Aim of the exercise –
What is needed is an exact copy of every entry, without the pictures.

Excerpts from a dataset:

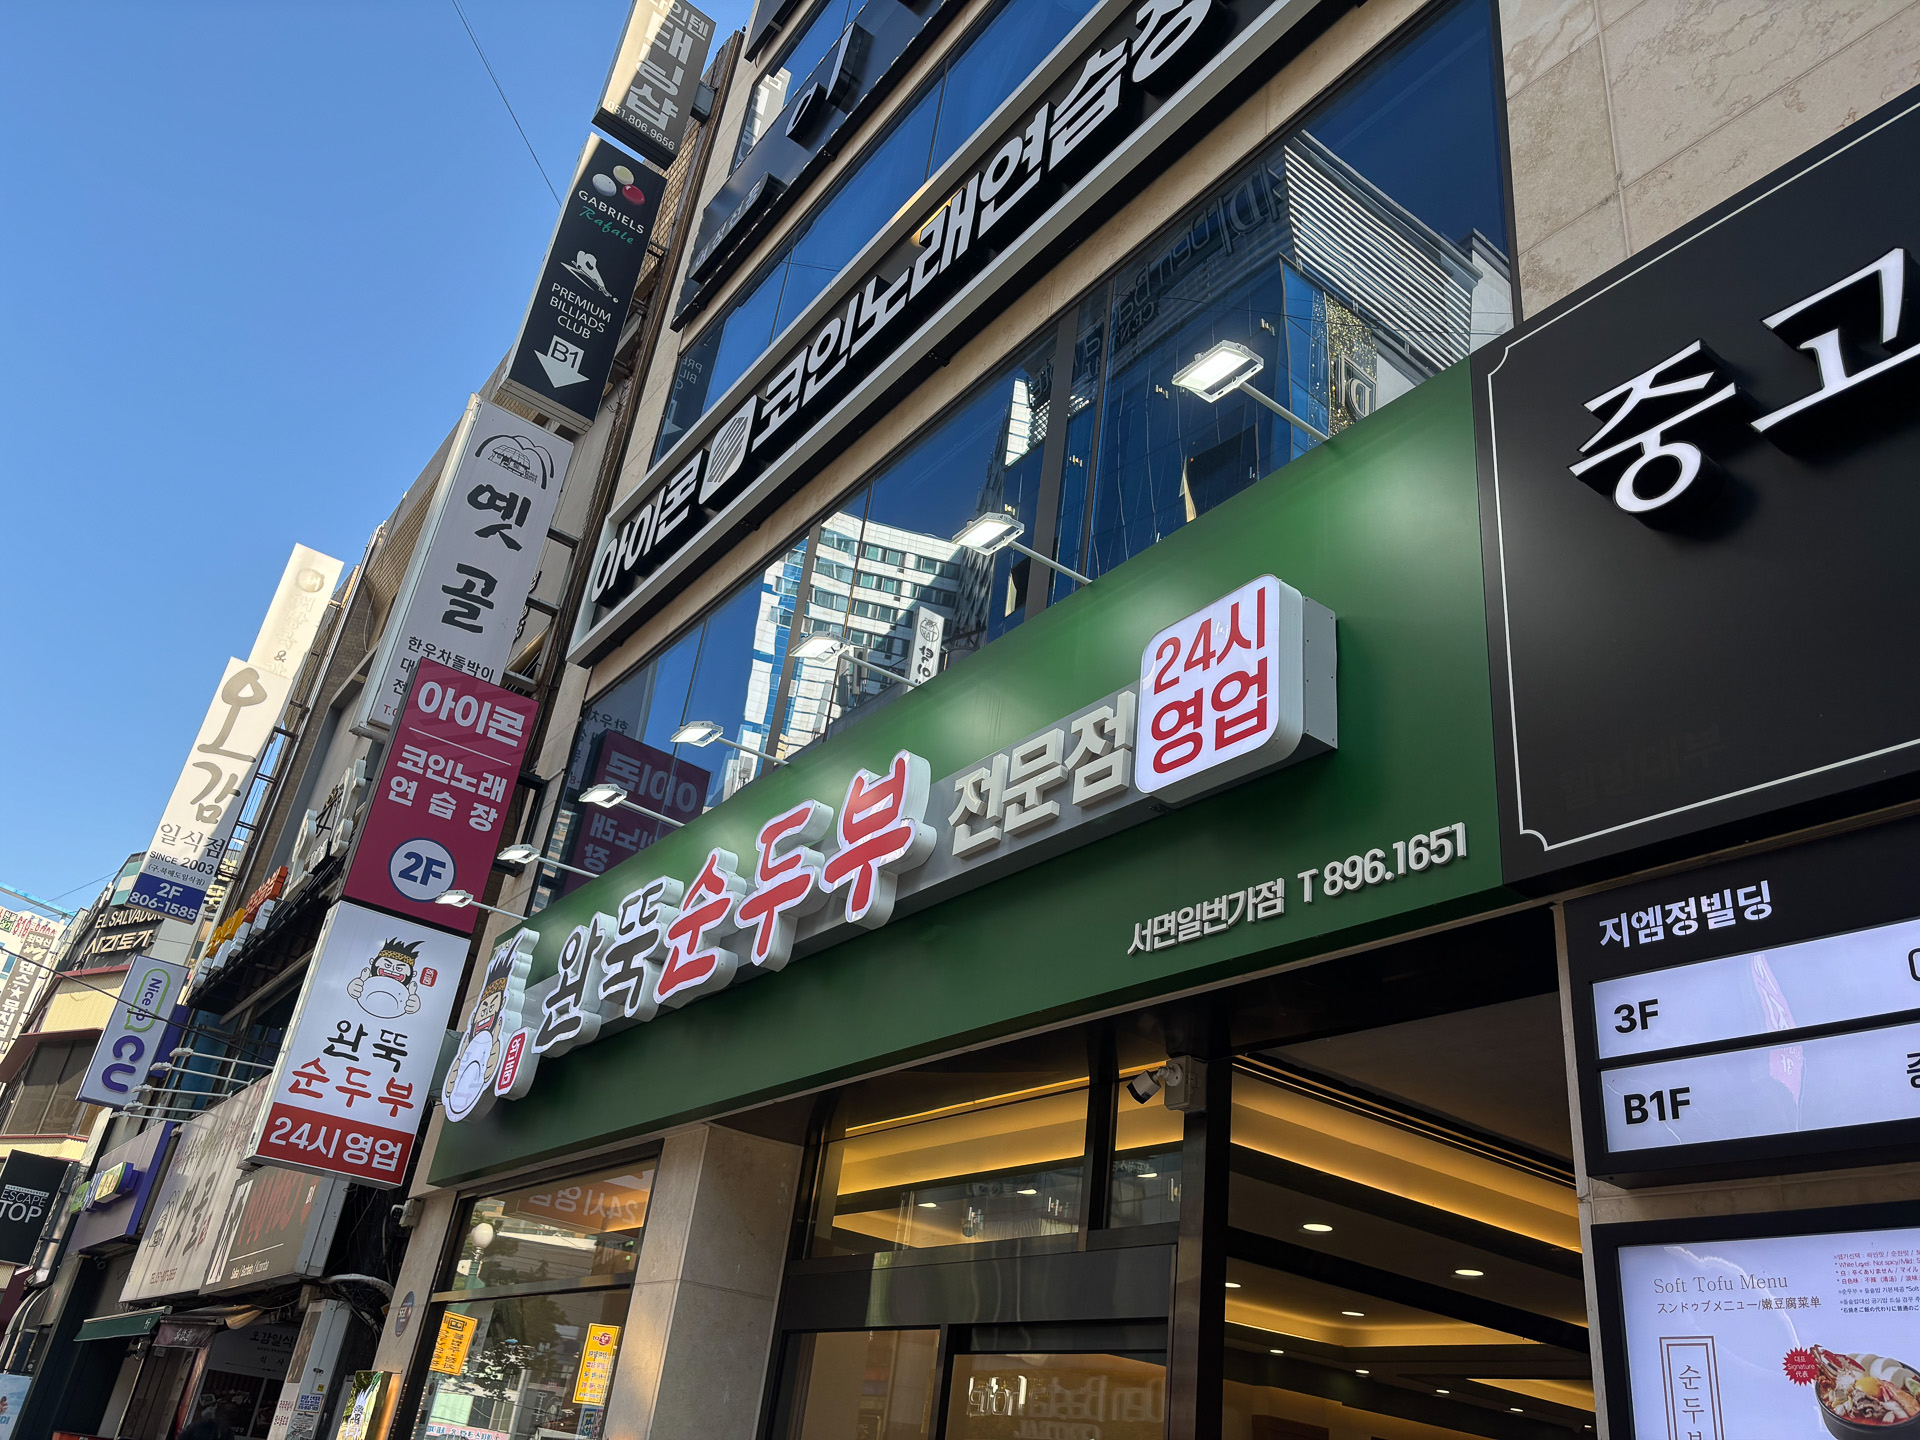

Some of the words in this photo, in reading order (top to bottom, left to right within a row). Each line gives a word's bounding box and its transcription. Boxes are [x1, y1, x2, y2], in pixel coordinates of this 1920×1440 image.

[626, 11, 694, 131] 태닝샵
[607, 101, 675, 150] 051.806.9656
[578, 190, 645, 235] GABRIELS
[579, 206, 635, 246] Rafale
[549, 297, 606, 334] BILLIADS
[551, 283, 612, 324] PREMIUM
[557, 315, 591, 341] CLUB
[550, 339, 581, 369] B1
[1566, 247, 1920, 513] 중고
[591, 449, 704, 602] 아이론
[441, 483, 532, 634] 옛골
[408, 636, 495, 685] 한우차돌박이
[1153, 586, 1266, 696] 24시
[417, 681, 525, 747] 아이론
[1151, 656, 1268, 774] 영업
[190, 667, 268, 825] 오감
[397, 744, 508, 803] 코인노래
[947, 690, 1138, 859] 전문점
[149, 850, 179, 865] SINCE
[181, 857, 215, 876] 2003
[160, 823, 226, 859] 일식점
[156, 882, 184, 899] 2F
[398, 851, 447, 887] 2F
[1127, 877, 1286, 955] 서면일번가점
[1297, 868, 1319, 903] T
[1323, 821, 1467, 897] 896.1651
[95, 913, 108, 929] EL
[129, 891, 198, 920] 806-1585
[1599, 880, 1773, 948] 지엠정빌딩
[142, 977, 163, 1006] Nice
[1613, 998, 1659, 1034] 3F
[101, 1035, 145, 1093] CU
[323, 1020, 408, 1073] 완뚝
[288, 1057, 414, 1118] 순두부
[1623, 1086, 1691, 1125] B1F
[1, 1189, 48, 1208] ESCAPE
[1653, 1278, 1688, 1294] Soft
[1692, 1275, 1734, 1293] Tofu
[1740, 1274, 1789, 1290] Menu
[250, 1331, 298, 1348] 오감일식
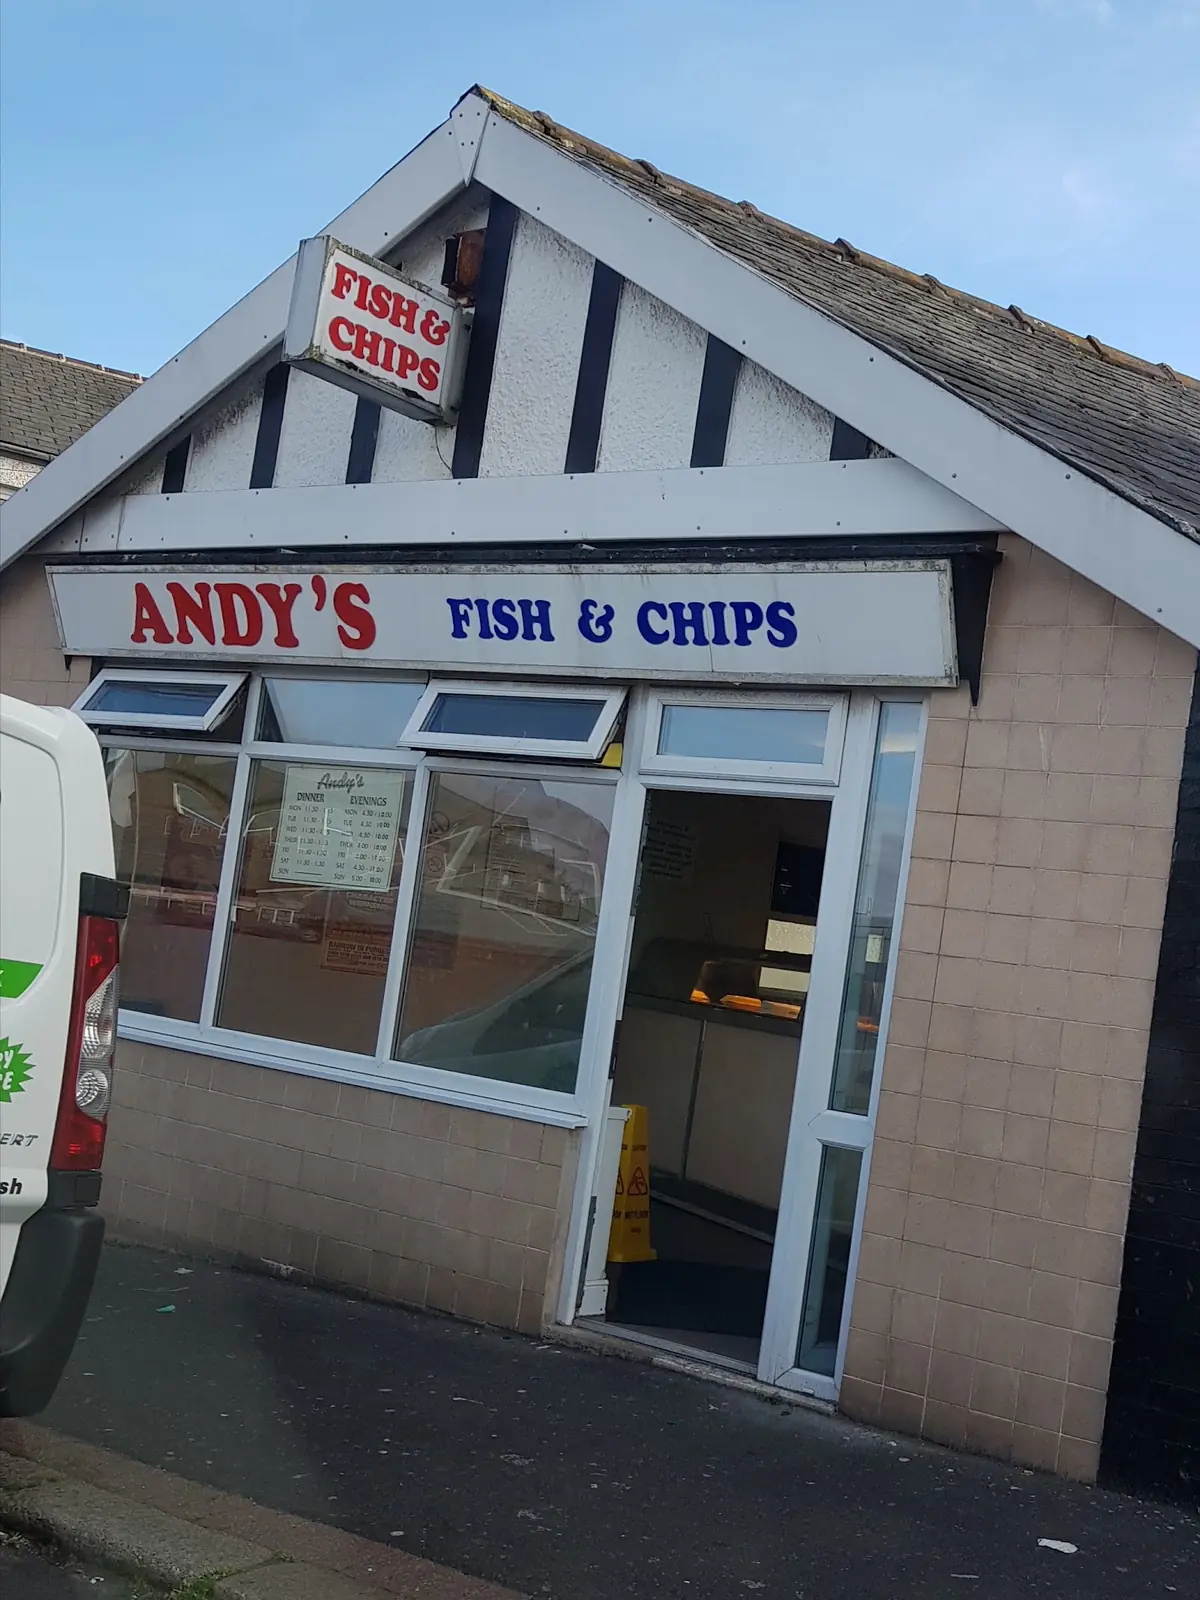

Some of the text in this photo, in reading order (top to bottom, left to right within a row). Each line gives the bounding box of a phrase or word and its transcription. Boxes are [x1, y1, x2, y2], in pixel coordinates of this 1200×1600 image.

[331, 262, 451, 346] FISH &
[328, 315, 440, 392] CHIPS
[130, 574, 377, 650] ANDY'S
[446, 597, 797, 648] FISH & CHIPS
[296, 792, 324, 802] DINNER
[317, 772, 365, 794] Andy's
[350, 796, 387, 806] EVENINGS
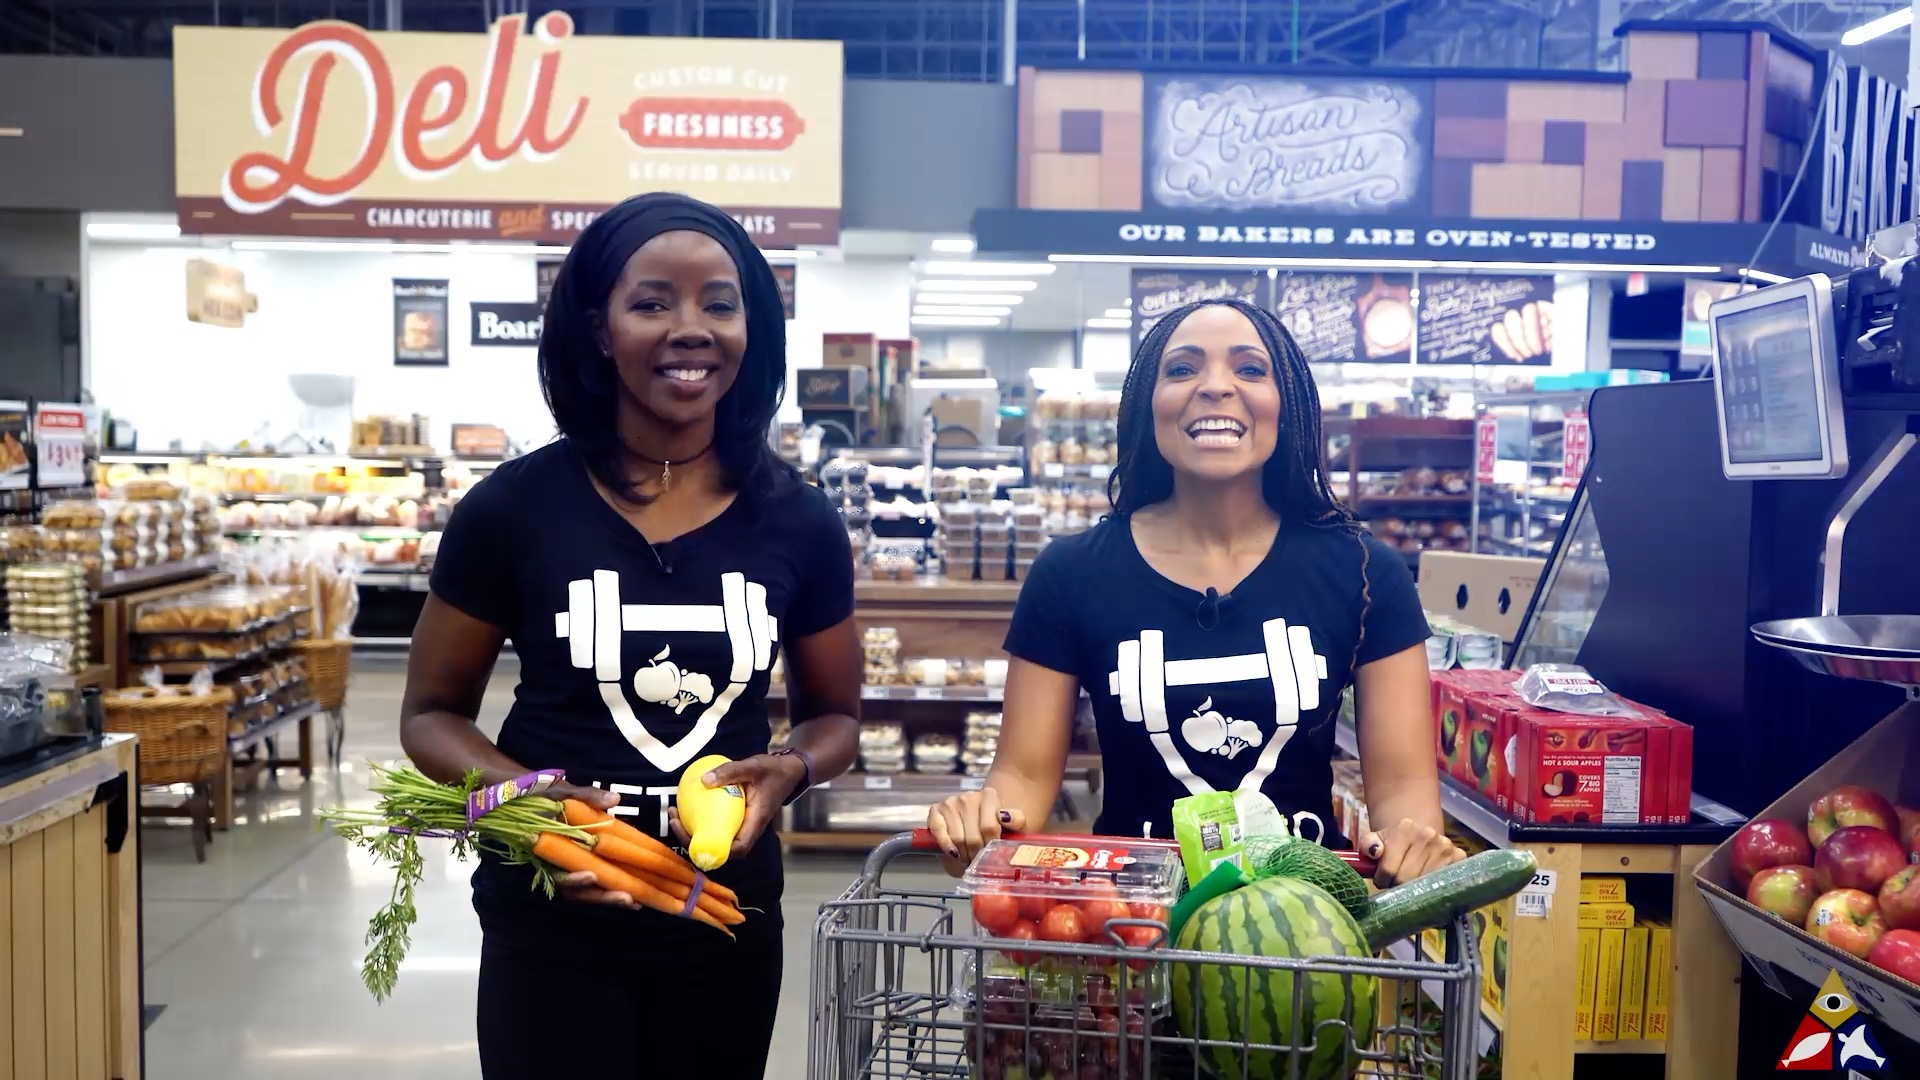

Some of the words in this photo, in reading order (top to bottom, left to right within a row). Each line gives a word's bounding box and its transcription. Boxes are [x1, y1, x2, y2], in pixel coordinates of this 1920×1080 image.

Result –
Some of the words in this photo, in reading order (top to bottom, left to right within a row). Each line gives a word's bounding box and its transcription. Boxes are [x1, y1, x2, y2], in pixel coordinates of this 1920×1440 image.

[626, 11, 694, 131] 태닝샵
[607, 101, 675, 150] 051.806.9656
[578, 190, 645, 235] GABRIELS
[579, 206, 635, 246] Rafale
[549, 297, 606, 334] BILLIADS
[551, 283, 612, 324] PREMIUM
[557, 315, 591, 341] CLUB
[550, 339, 581, 369] B1
[1566, 247, 1920, 513] 중고
[591, 449, 704, 602] 아이론
[441, 483, 532, 634] 옛골
[408, 636, 495, 685] 한우차돌박이
[1153, 586, 1266, 696] 24시
[417, 681, 525, 747] 아이론
[1151, 656, 1268, 774] 영업
[190, 667, 268, 825] 오감
[397, 744, 508, 803] 코인노래
[947, 690, 1138, 859] 전문점
[149, 850, 179, 865] SINCE
[181, 857, 215, 876] 2003
[160, 823, 226, 859] 일식점
[156, 882, 184, 899] 2F
[398, 851, 447, 887] 2F
[1127, 877, 1286, 955] 서면일번가점
[1297, 868, 1319, 903] T
[1323, 821, 1467, 897] 896.1651
[95, 913, 108, 929] EL
[129, 891, 198, 920] 806-1585
[1599, 880, 1773, 948] 지엠정빌딩
[142, 977, 163, 1006] Nice
[1613, 998, 1659, 1034] 3F
[101, 1035, 145, 1093] CU
[323, 1020, 408, 1073] 완뚝
[288, 1057, 414, 1118] 순두부
[1623, 1086, 1691, 1125] B1F
[1, 1189, 48, 1208] ESCAPE
[1653, 1278, 1688, 1294] Soft
[1692, 1275, 1734, 1293] Tofu
[1740, 1274, 1789, 1290] Menu
[250, 1331, 298, 1348] 오감일식

Some of the text in this photo, in reading order (top to bottom, left to right within a row). Each line gives the bounding box of a phrase or word and its transcription. Boxes are [x1, y1, x2, y2], in pixel coordinates of this 1200×1600 image.

[331, 262, 451, 346] FISH &
[328, 315, 440, 392] CHIPS
[130, 574, 377, 650] ANDY'S
[446, 597, 797, 648] FISH & CHIPS
[296, 792, 324, 802] DINNER
[317, 772, 365, 794] Andy's
[350, 796, 387, 806] EVENINGS

Some of the words in this photo, in reading order (top to bottom, left to right within a row). Each line gives a word's bounding box and its transcription. Boxes are [x1, y1, x2, y2], in pixel coordinates of this 1920×1080 image.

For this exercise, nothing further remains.